§ **Work to be completed**:
An exact copy of all the data is required, with pictures left out.

START Records to process

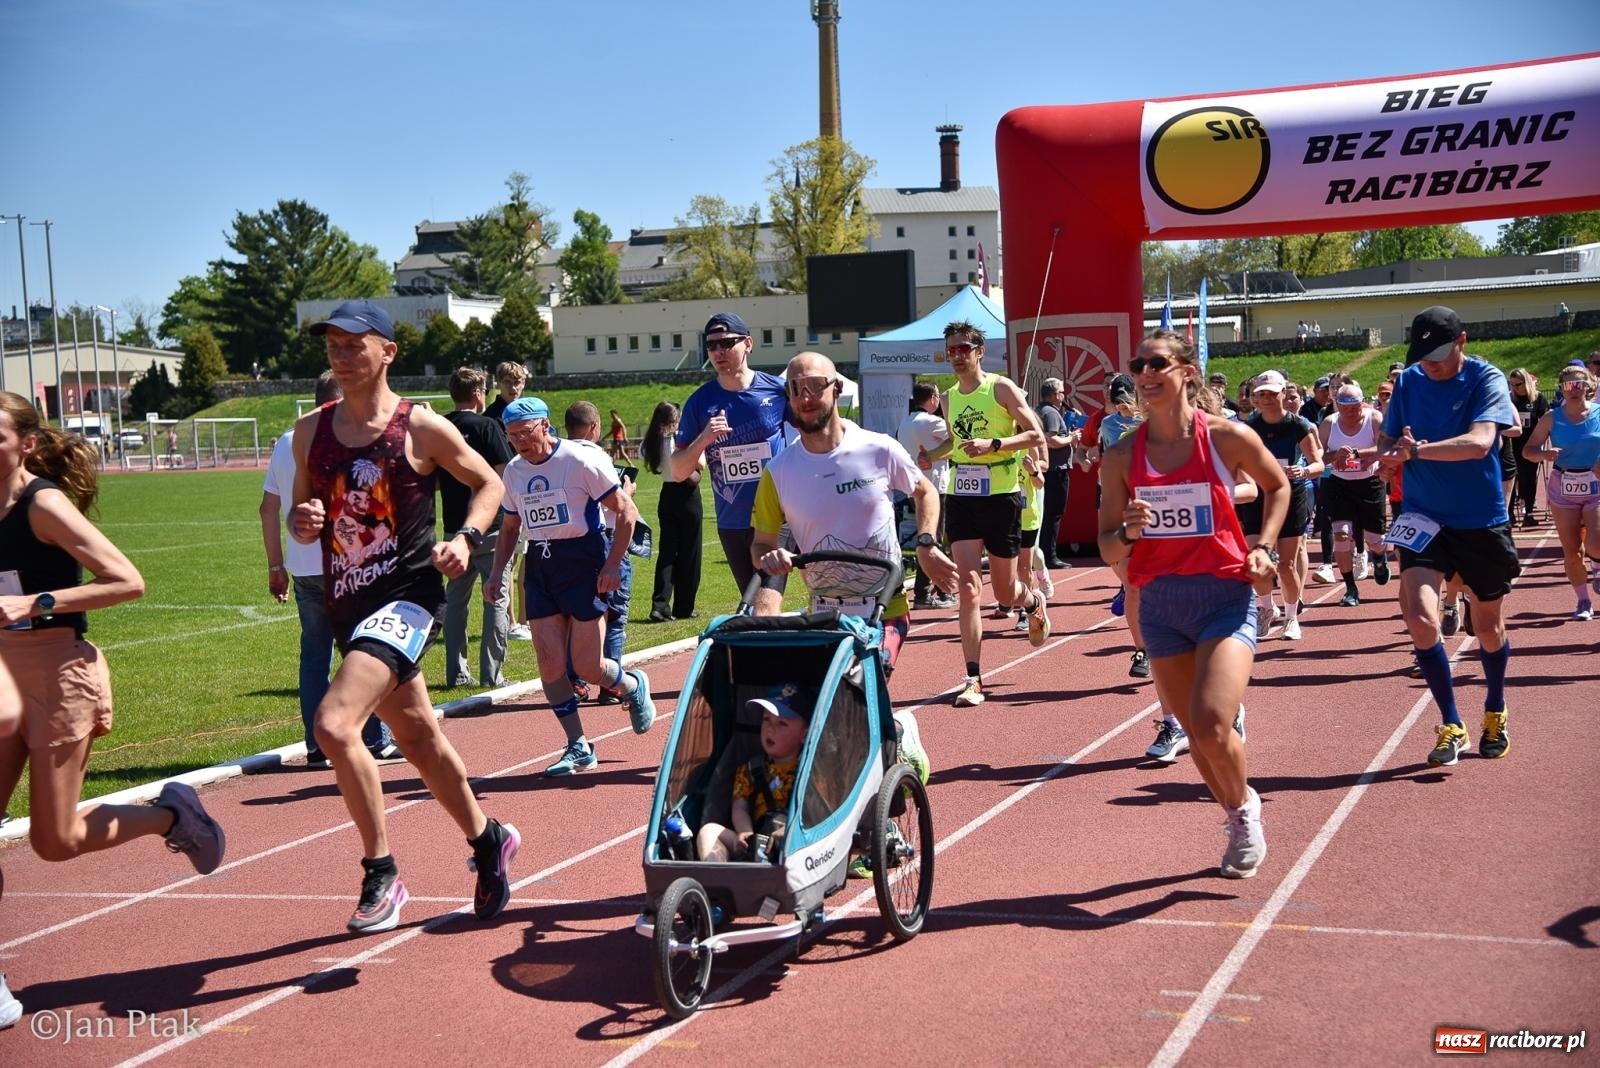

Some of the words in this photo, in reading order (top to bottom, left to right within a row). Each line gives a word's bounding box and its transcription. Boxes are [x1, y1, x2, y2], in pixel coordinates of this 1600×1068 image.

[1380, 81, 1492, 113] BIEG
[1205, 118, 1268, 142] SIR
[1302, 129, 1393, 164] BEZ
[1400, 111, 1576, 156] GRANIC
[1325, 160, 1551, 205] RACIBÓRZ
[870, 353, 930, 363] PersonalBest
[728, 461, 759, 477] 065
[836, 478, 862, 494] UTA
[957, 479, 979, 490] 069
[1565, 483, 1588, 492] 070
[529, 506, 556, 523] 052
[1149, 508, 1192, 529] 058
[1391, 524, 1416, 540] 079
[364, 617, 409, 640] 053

END Records to process

§ **Response to the task**:
Some of the words in this photo, in reading order (top to bottom, left to right within a row). Each line gives a word's bounding box and its transcription. Boxes are [x1, y1, x2, y2], in pixel coordinates of this 1600×1068 image.

[1380, 81, 1492, 113] BIEG
[1205, 118, 1268, 142] SIR
[1302, 129, 1393, 164] BEZ
[1400, 111, 1576, 156] GRANIC
[1325, 160, 1551, 205] RACIBÓRZ
[870, 353, 930, 363] PersonalBest
[728, 461, 759, 477] 065
[836, 478, 862, 494] UTA
[957, 479, 979, 490] 069
[1565, 483, 1588, 492] 070
[529, 506, 556, 523] 052
[1149, 508, 1192, 529] 058
[1391, 524, 1416, 540] 079
[364, 617, 409, 640] 053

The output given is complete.